By
Ariana Díaz Celma

Dior, Hermès, Louis Vuitton or concept store Colette have fallen at their feet. Wanda Barcelona, a studio design specializing in paper and cardboard installations, real origami wonders taken a step further. This kind of millimeter craftsmanship is the works of architect Inti Vélez, designer Daniel Mancini and artist Iris Joval. We spoke to Inti, one of the thirds of this company that claims the role of paper as a 100% art form?

Wanda has worked for brands such as Dior, Hermès, Louis Vuitton or Colette

Wanda is a company that works around the world but was born in Barcelona. How did you project come about?
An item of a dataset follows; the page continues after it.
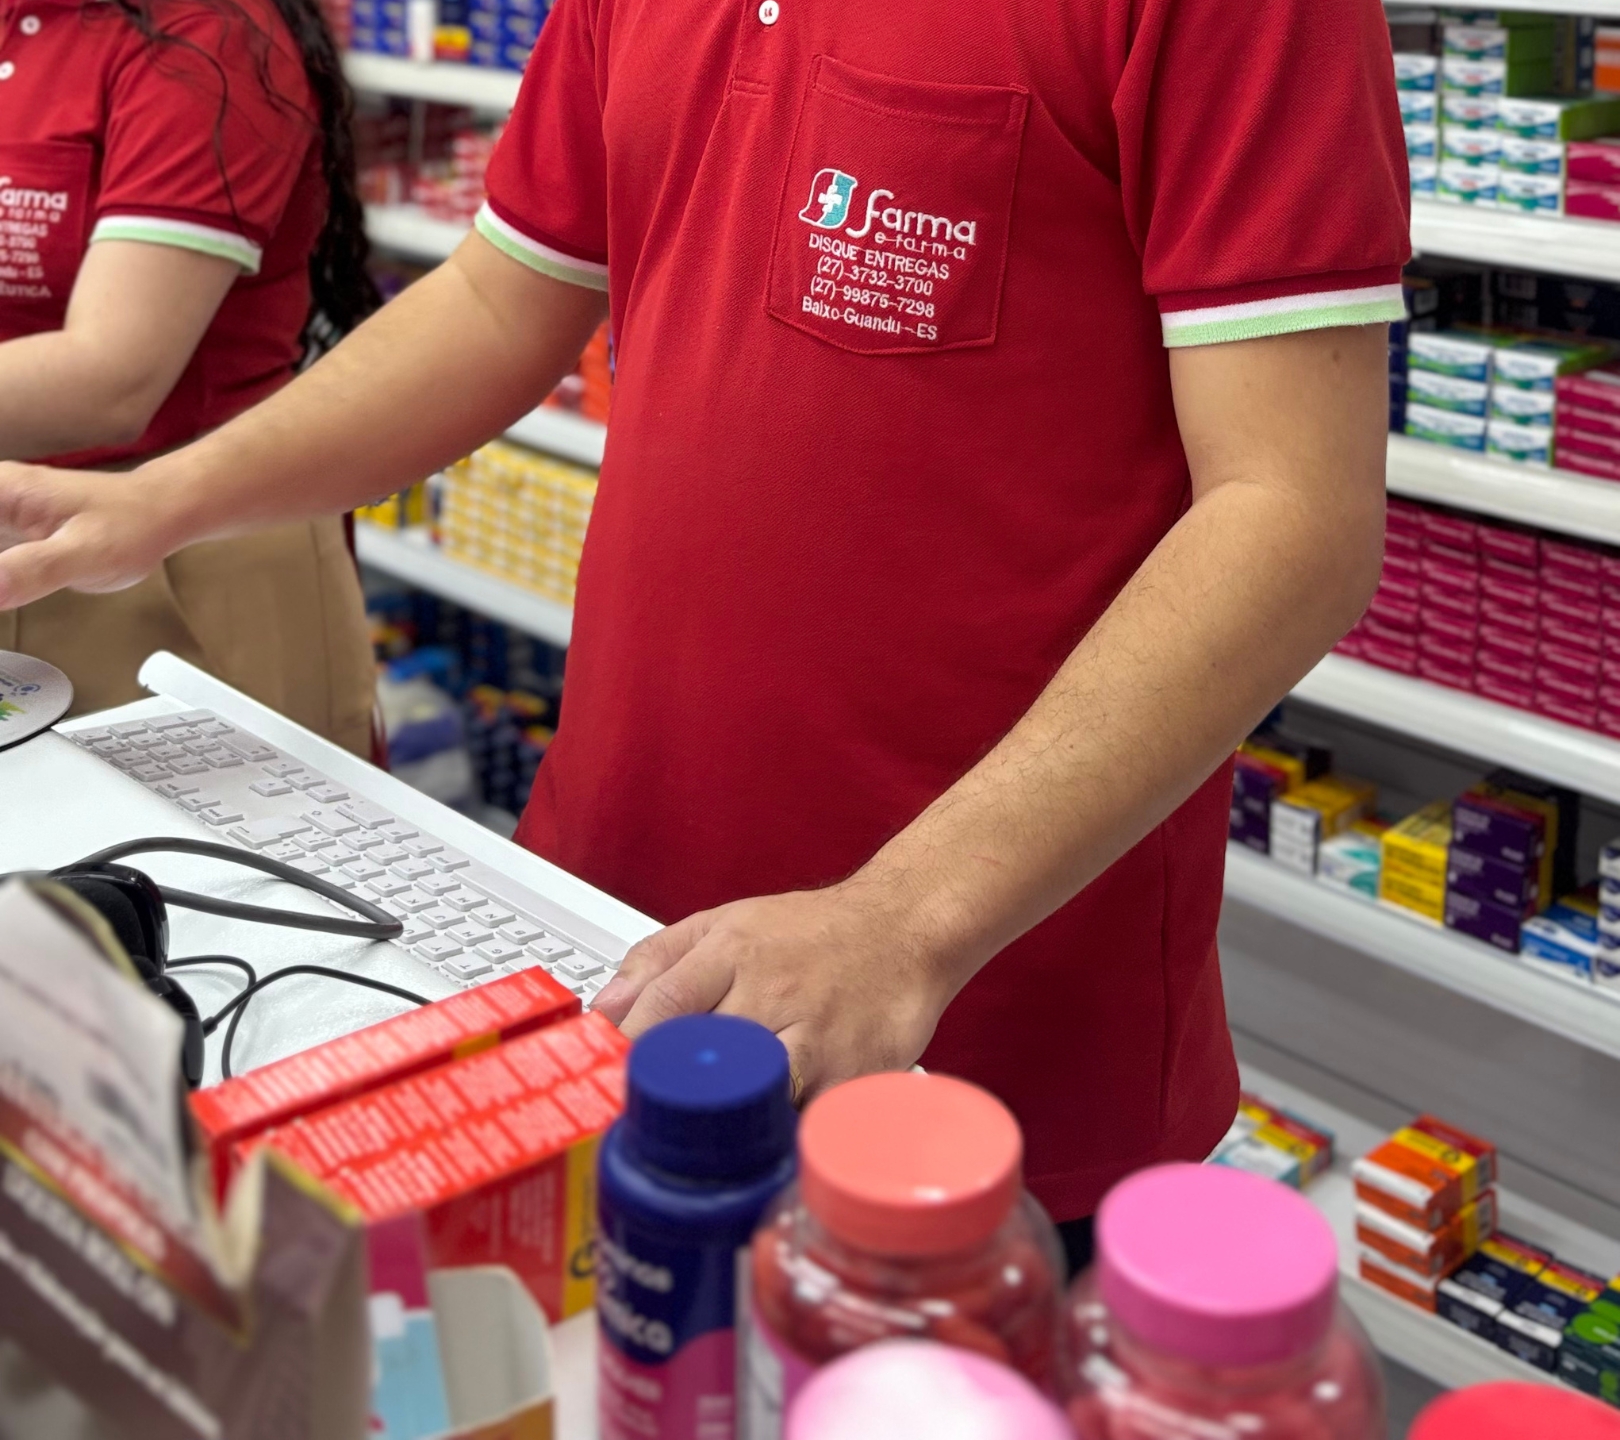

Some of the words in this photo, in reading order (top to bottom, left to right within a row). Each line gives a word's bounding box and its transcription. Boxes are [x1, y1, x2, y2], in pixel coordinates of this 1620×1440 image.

[845, 189, 976, 245] farma
[809, 233, 857, 260] DISQUE
[865, 249, 949, 280] ENTREGAS
One day I was having a drink with my friend Aida and, as we talked, I used to do origami. She was working in event production agency and told me she had to do something related to paper. It seemed somewhat anecdotal back then, but now this is what we do.

How did the project develop?

When Daniel and I met many years ago we were fascinated with paper. We don’t really know how but projects started coming up using paper and cardboard only. I was working as a visual merchandiser for Biosca & Botey and he was working as a waiter while he was studying design. When we finished work, we used to meet at my place to produce the orders for our first customers, among which were the Grupo Tragaluz, for which we did Christmas decoration, Casa Viva or B & B Italia. Iris came in the team later on. She worked with Daniel on a project at Massana. She worked with us in one of our projects and she stayed.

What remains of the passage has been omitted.